Os conselhos de classe têm receita bilionária e as anuidades dos inscritos representam a maior fonte de arrecadação. Atualmente existem 29 conselhos no país, que reúnem advogados, médicos, engenheiros, músicos, corretores de imóveis, entre outros profissionais. Levantamento feito pela Gazeta do Povo comparou as receitas dos maiores conselhos: Ordem dos Advogados do Brasil (OAB), Conselho Federal de Engenharia e Agronomia (Confea) e Conselho Federal de Medicina.
OAB
Dos conselhos analisados, as seccionais da Ordem dos Advogados do Brasil (OAB) são as que mais dependem de seus associados. Em 2017 (últimos dados disponíveis), as anuidades representavam em média 83% da receita total do órgão. Os valores das contribuições referentes a 2018 são ainda mais incompletos, o que inviabiliza calcular o montante arrecadado nesse ano.
A regional em que as contribuições têm peso maior é a do estado de São Paulo. Em 2017, a OAB-SP arrecadou R$ 304 milhões, sendo que R$ 285 milhões vieram das anuidades – ou seja, 94% do total. Já a Ordem do Rio Grande do Norte é a menos dependente de seus inscritos (38%). Foram R$ 7,5 milhões vindo das contribuições, numa receita total de R$ 20 milhões.
Apesar de não ser o conselho mais rico, a OAB é o que mais arrecada com as anuidades. Dados publicados no portal da transparência indicam que o órgão arrecadou ao menos R$ 529 milhões em 2017 por meio das anuidades.
O montante é sem dúvida superior, já que nove seccionais – algumas entre as maiores do país – não revelam seus dados. São elas: Rio de Janeiro, Minas Gerais, Rio Grande do Sul, Espírito Santo, Mato Grosso do Sul, Acre, Amapá, Piauí e Roraima.
O Observatório Nacional da Advocacia, instituto crítico à OAB, estimou informalmente que em 2017 a instituição arrecadou R$ 1,3 bilhão com seus inscritos. Desse montante, R$ 900 milhões viriam das anuidades, o restante do exame da Ordem.
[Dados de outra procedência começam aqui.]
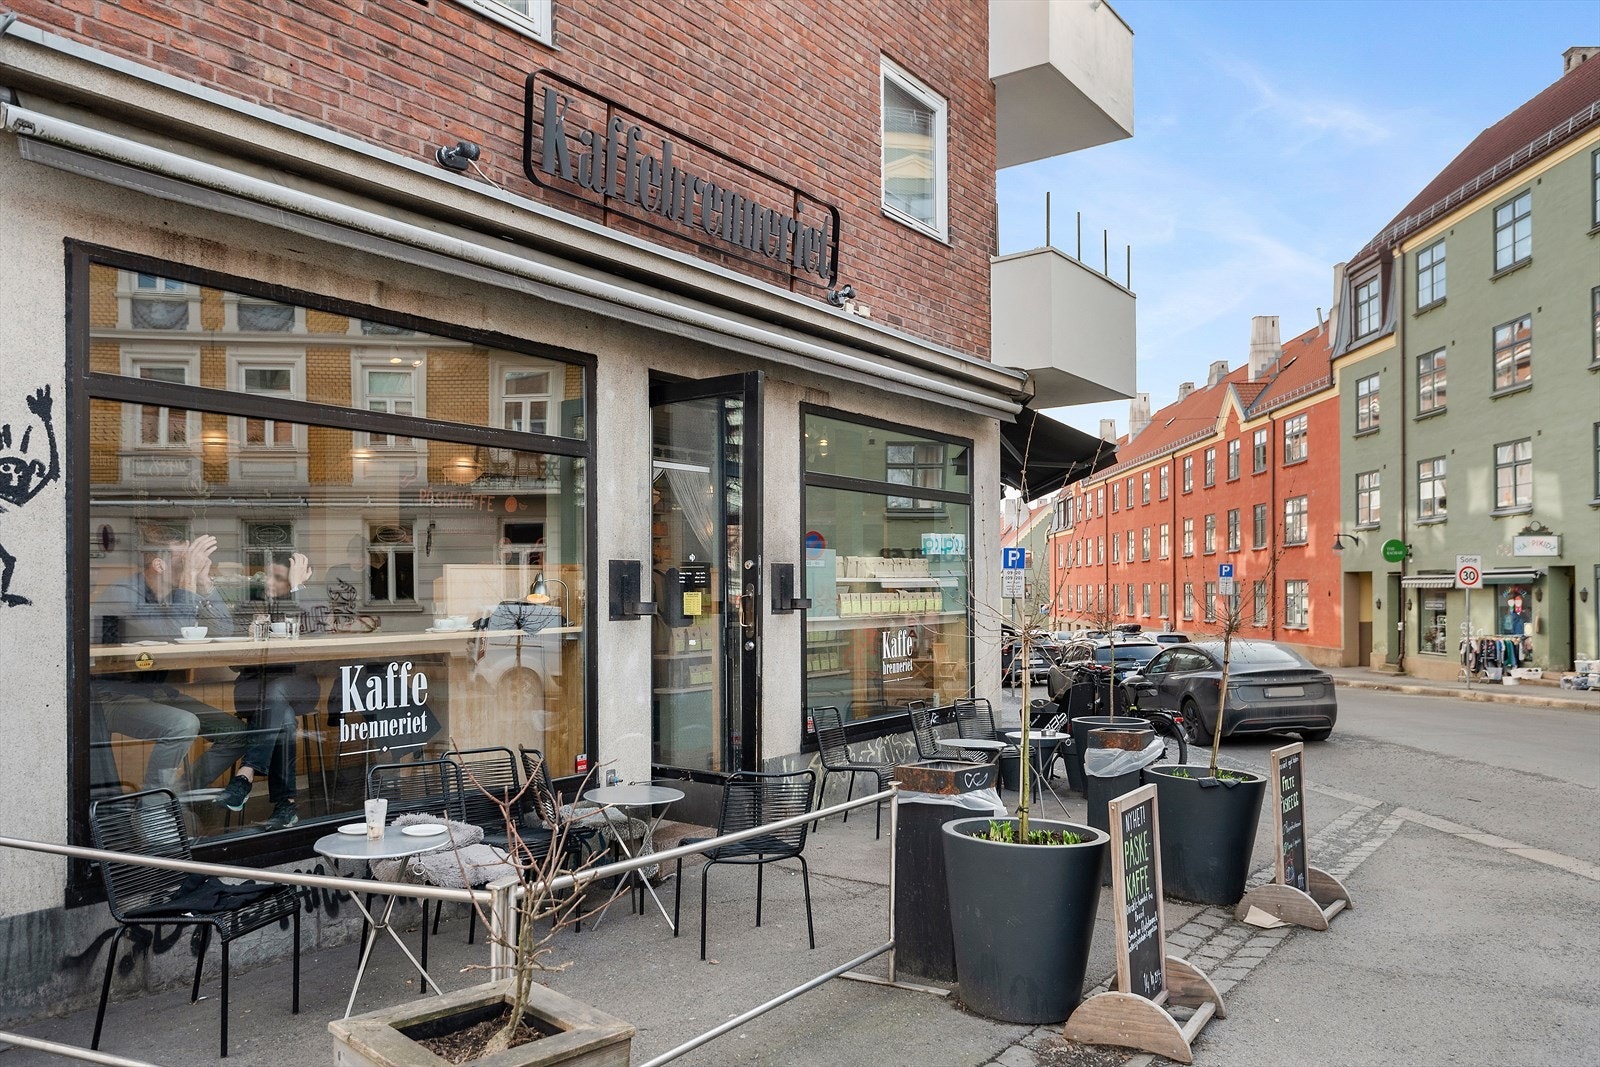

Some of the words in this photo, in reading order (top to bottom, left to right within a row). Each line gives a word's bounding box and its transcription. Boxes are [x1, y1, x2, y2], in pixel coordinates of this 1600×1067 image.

[541, 86, 833, 280] Kaffebrenneriet
[1008, 550, 1021, 567] P
[1222, 565, 1230, 576] P
[1462, 570, 1476, 581] 30
[882, 629, 913, 659] Kaffe
[882, 658, 913, 675] brenneriet
[339, 661, 428, 714] Kaffe
[339, 711, 428, 743] brenneriet
[1125, 805, 1146, 833] NYHET!
[1126, 865, 1150, 901] KAFFE
Questionado sobre a receita dos últimos anos com as contribuições, o conselho federal da OAB não respondeu à reportagem.
,Confea
Embora dependam menos de seus inscritos, os Conselhos Regionais de Engenharia e Agronomia (CREAs), que compõem o Confea, são as entidades com a maior receita.
Em 2018, os conselhos de engenharia arrecadaram juntos pelo menos R$ 889 milhões. Desse total, R$ 443 milhões são de anuidades de pessoas físicas e jurídicas. Também nesse caso, o montante arrecadado certamente é maior, já que alguns conselhos não divulgam ou divulgam parcialmente seus dados.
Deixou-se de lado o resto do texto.